As European countries grapple with how -- and in some cases, whether -- to exploit their own natural-gas deposits, the U.S. experience with the relatively new technique of hydraulic fracturing, or "fracking" -- the controversial but effective method of extracting gas from rock buried a kilometer or more underground -- is being watched carefully.
Horror stories of foul-smelling drinking water, kitchen faucets that spurt flames, ponds with no fish life, and chronic illnesses in people who live near drilling sites have led some to conclude that in its eagerness to feed America's huge energy appetite, the shale-gas industry is taking unacceptable risks with human health and the environment.
In France, lawmakers are so alarmed at what they’ve seen and heard that the country's parliament has given preliminary approval to a new law banning hydraulic fracturing and withdrawing permits that have already been issued.
First-Time Filmmaker
Nothing has galvanized shale-gas opponents in the United States and raised fears abroad more than the 2010 documentary "Gasland."
After a gas company asked Josh Fox for permission to drill on his land in Pennsylvania, the first-time filmmaker investigated claims from people all over the country who live near drilling sites. He interviewed them, took water samples, looked at the money changing hands, and concluded that wherever drilling is taking place, the air, water, and the people are suffering.
WATCH -- The trailer for the 2010 documentary "Gasland":
Political instability in oil-producing countries and rising fuel prices are driving the need for domestic energy sources, and supporters of shale gas are thrilled by estimates that the United States could hold enough natural gas to last the next 100 years, even at current rates of energy consumption. By contrast, proven American oil reserves won't last another decade.

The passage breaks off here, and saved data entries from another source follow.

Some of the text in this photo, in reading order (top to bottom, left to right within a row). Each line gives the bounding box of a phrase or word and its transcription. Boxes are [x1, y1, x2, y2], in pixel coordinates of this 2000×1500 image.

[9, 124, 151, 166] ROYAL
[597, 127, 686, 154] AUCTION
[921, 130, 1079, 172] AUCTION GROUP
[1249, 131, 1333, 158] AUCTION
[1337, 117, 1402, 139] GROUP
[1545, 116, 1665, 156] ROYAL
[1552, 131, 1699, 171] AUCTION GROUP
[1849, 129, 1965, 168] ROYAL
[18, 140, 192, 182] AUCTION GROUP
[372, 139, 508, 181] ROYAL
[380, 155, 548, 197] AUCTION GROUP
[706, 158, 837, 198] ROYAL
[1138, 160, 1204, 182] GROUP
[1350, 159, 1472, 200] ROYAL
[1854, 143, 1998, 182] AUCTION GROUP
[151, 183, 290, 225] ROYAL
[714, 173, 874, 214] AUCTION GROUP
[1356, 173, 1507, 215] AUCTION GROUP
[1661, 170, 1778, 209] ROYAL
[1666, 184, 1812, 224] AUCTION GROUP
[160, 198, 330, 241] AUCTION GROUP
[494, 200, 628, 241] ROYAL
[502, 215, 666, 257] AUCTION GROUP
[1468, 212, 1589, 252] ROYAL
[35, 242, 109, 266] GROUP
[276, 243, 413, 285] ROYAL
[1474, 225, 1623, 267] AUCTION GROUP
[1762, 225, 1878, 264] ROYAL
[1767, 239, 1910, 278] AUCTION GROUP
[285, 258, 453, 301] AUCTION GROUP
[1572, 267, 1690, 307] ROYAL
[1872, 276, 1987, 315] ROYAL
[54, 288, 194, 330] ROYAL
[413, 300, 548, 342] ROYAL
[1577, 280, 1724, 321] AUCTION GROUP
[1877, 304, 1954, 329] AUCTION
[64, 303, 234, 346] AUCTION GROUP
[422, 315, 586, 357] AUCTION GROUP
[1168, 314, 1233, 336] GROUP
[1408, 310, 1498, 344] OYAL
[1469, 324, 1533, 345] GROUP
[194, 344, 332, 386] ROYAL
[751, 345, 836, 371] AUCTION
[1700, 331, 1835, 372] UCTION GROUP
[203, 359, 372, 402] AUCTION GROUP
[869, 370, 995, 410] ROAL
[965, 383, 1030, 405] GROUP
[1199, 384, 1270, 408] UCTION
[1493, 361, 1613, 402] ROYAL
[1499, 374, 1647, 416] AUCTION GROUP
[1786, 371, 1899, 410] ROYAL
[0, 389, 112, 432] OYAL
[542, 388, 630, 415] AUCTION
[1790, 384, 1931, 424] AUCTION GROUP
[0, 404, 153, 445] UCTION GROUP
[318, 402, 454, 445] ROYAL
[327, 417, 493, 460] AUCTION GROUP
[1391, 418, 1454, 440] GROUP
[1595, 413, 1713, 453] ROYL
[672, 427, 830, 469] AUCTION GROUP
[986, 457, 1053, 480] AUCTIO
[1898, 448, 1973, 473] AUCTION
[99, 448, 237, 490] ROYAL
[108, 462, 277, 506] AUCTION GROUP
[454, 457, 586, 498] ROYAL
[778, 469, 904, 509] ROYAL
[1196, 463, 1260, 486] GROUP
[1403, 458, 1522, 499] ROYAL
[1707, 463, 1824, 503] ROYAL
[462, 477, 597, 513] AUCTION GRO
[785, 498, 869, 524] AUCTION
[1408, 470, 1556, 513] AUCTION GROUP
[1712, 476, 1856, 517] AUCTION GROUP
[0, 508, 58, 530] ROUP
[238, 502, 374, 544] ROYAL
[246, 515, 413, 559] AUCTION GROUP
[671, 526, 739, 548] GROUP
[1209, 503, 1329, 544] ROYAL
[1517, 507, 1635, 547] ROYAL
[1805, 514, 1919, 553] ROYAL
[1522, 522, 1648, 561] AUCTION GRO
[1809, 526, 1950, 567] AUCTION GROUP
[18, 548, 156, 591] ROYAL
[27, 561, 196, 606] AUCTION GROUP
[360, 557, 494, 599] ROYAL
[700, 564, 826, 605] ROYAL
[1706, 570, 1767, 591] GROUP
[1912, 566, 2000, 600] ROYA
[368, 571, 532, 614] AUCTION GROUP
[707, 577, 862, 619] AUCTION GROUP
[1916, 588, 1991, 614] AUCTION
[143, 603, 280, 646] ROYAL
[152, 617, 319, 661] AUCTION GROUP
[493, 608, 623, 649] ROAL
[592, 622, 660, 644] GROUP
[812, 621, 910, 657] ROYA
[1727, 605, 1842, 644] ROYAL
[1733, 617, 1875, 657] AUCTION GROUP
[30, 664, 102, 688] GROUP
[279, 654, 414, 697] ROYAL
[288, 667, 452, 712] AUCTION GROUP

Before the shale-gas boom took off a few years ago, renewable energy sources like solar and wind power were growing in popularity. Now, natural gas is being touted as a clean fuel, with advocates arguing that it burns as much as 50 percent cleaner than coal because it releases less carbon dioxide into the atmosphere.
President Barack Obama has called natural gas "the standard" for clean energy and has asked publicly, "Are we doing everything we can to develop" U.S. shale deposits?
That's the wrong question to be asking, according to opponents like Brady Russell of the environmental group Clean Water Action.
"When people compare natural gas to other forms of energy production, and they talk about how clean it is, all they mean is the greenhouse-gas effects," Russell says. "They’re not talking about the rest of the effects of hydrofracking. And we see those as so destructive that when you put it all together, it’s just the newest, latest form of dirty fossil-fuel energy that we really just need to move on from."
Drilling Underway Across America
Russell is based in Pennsylvania, where some of the United States' most intensive shale-gas extraction occurs in the Marcellus Shale field, which has been compared to Saudi Arabia in terms of its energy production potential.
Natural gas trapped in shale rock is extracted by sending a drill hundreds of meters down, underneath groundwater aquifers, and then horizontally through the shale-rock bed. A mixture of water and chemicals is injected into the shale, which creates tiny fractures through which bubbles of methane gas are released. The gas travels to the surface and is captured in storage tanks above ground and is then burned to create electricity.
Drilling is under way in at least 30 states, and as operations have increased so, too, have the industry’s opponents. They point to studies that show methane gas released from the rock isn’t always captured at the surface and sometimes leaks into the atmosphere and drinking water supplies; that the fracking fluid isn't always treated and disposed of properly; and that the chemicals used in the process have spilled onto the ground and poisoned the surrounding land.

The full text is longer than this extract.